La capacità adattiva di un dato sistema sociale locale dipende dalla natura e dall’intelligenza delle istituzioni e dalla loro capacità di assorbire gli shock e riprogettare nelle mutate situazioni.
A fronte di eventi catastrofici (es. terremoto, pandemia) la dimensione istituzionale risulta determinante nel (ri)costruire una cornice di azione collettiva indirizzata a favorire processi di responsabilità e partecipazione.
In tal senso si può immaginare una logica resiliente istituzionale la quale rafforza meccanismi di appartenenza e di agency tra i differenti gruppi/classi sociali, elementi fondamentali per attivare dinamiche positive in grado di contrastare gli effetti più negativi di episodi traumatizzanti. Le istituzioni possono divenire, quindi, generatrici di “campi di possibilità” nel momento in cui offrono spazi per l’interazione tra diverse visioni, pluralità d’identità dentro ad una specifica struttura della disuguaglianza, la condivisione di strumenti per agire su più livelli di significato e distinte realtà sociali.
In questa prospettiva, il conflitto diviene anch’esso fattore costitutivo della resilienza nel momento in cui è in grado di produrre (e riprodurre) competenze democratiche e di agire cooperativo.
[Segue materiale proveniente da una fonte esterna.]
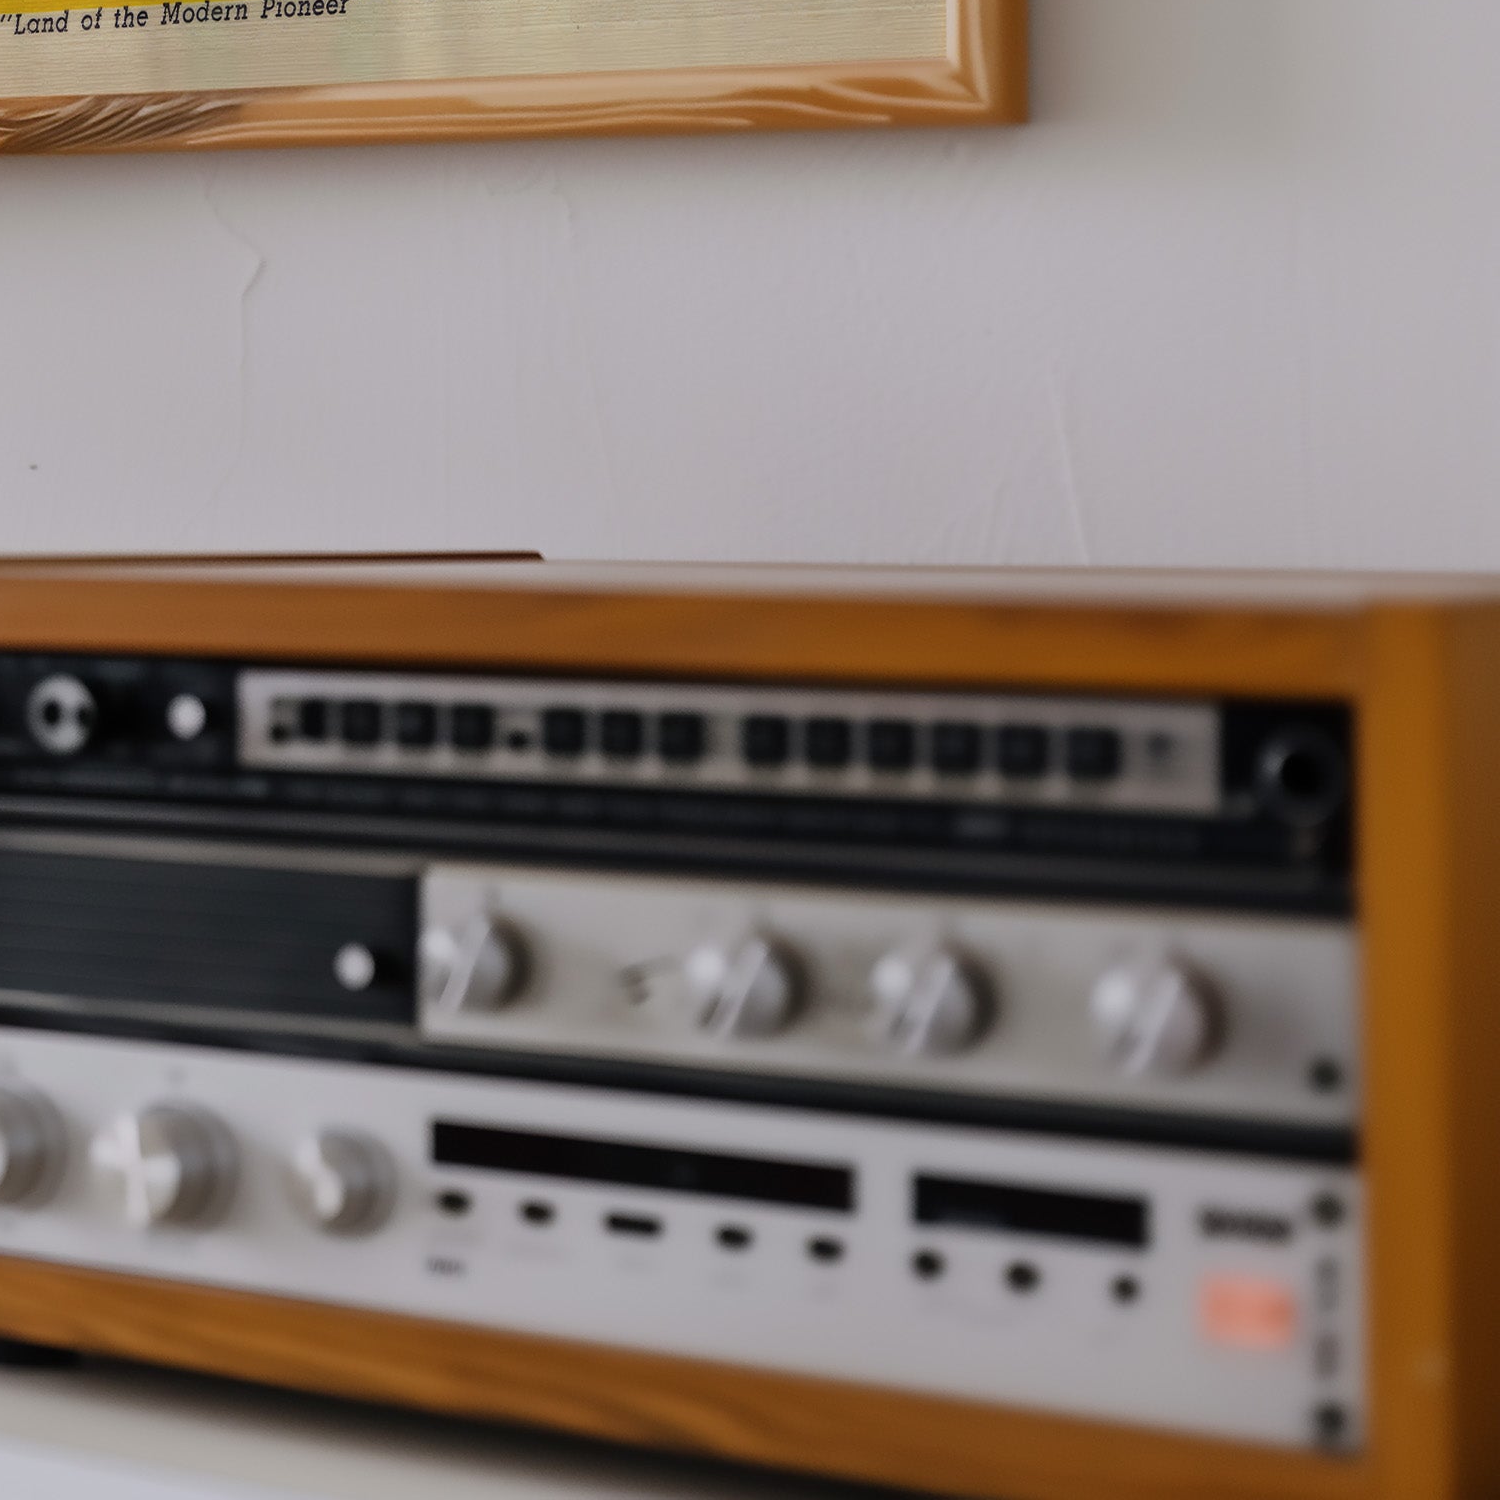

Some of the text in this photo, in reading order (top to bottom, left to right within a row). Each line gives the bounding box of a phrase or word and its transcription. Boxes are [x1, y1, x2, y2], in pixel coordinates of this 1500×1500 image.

[81, 7, 102, 30] of
[114, 5, 149, 29] the
[160, 1, 248, 25] Modern
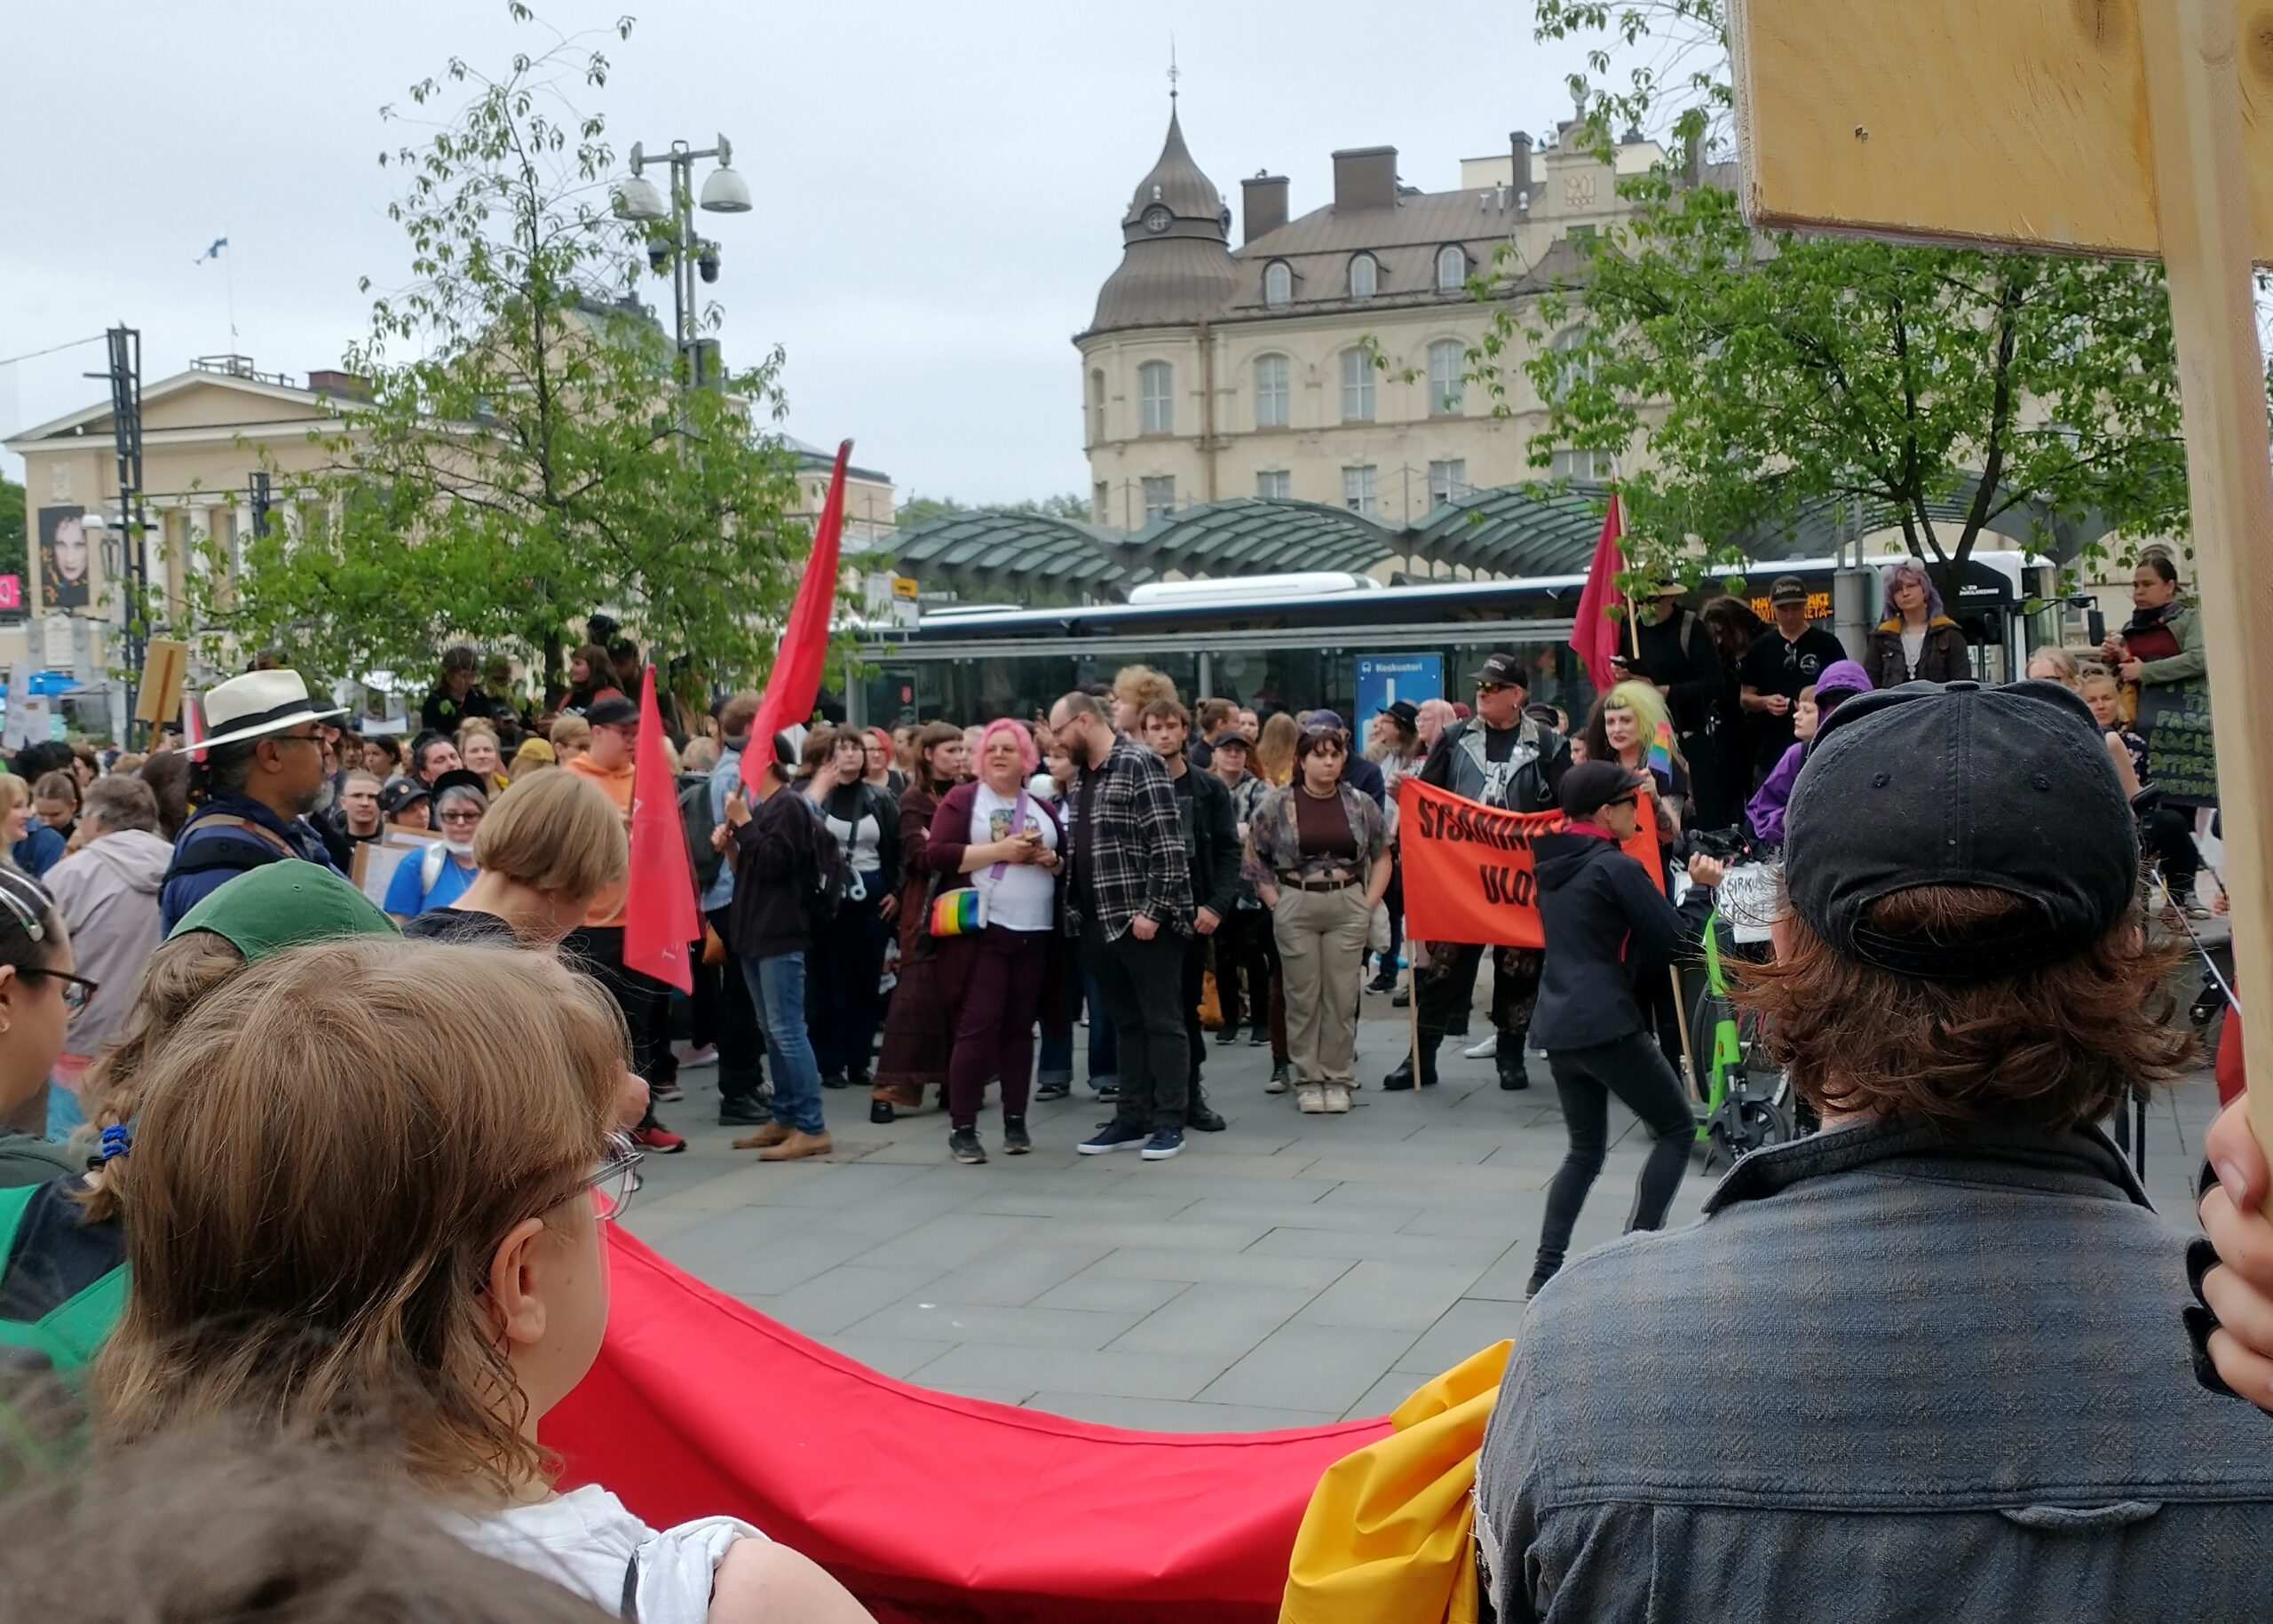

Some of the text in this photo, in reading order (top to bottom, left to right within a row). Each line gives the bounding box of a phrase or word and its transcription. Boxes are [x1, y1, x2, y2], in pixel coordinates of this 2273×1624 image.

[1564, 176, 1596, 199] 1901
[1375, 661, 1422, 673] Keskustori
[2156, 710, 2212, 733] FASC
[2150, 729, 2214, 755] RACIS
[1480, 864, 1539, 907] ULO
Si potrebbe, anche in questo caso, ribadire il deficit di definizione operativa (come posso misurare la resilienza istituzionale?) o, come anticipato, di riprodurre il discorso tautologico implicito in molte e approfondite analisi (sono resiliente perché resiliente). Nondimeno, le arene istituzionali, in particolare quelle pubbliche, raffigurano un reale orizzonte “politico”, che appare fondamentale per contribuire a rafforzare delle alternative al paradigma neoliberista e promuovere una visione e una pratica della resilienza realmente democratica.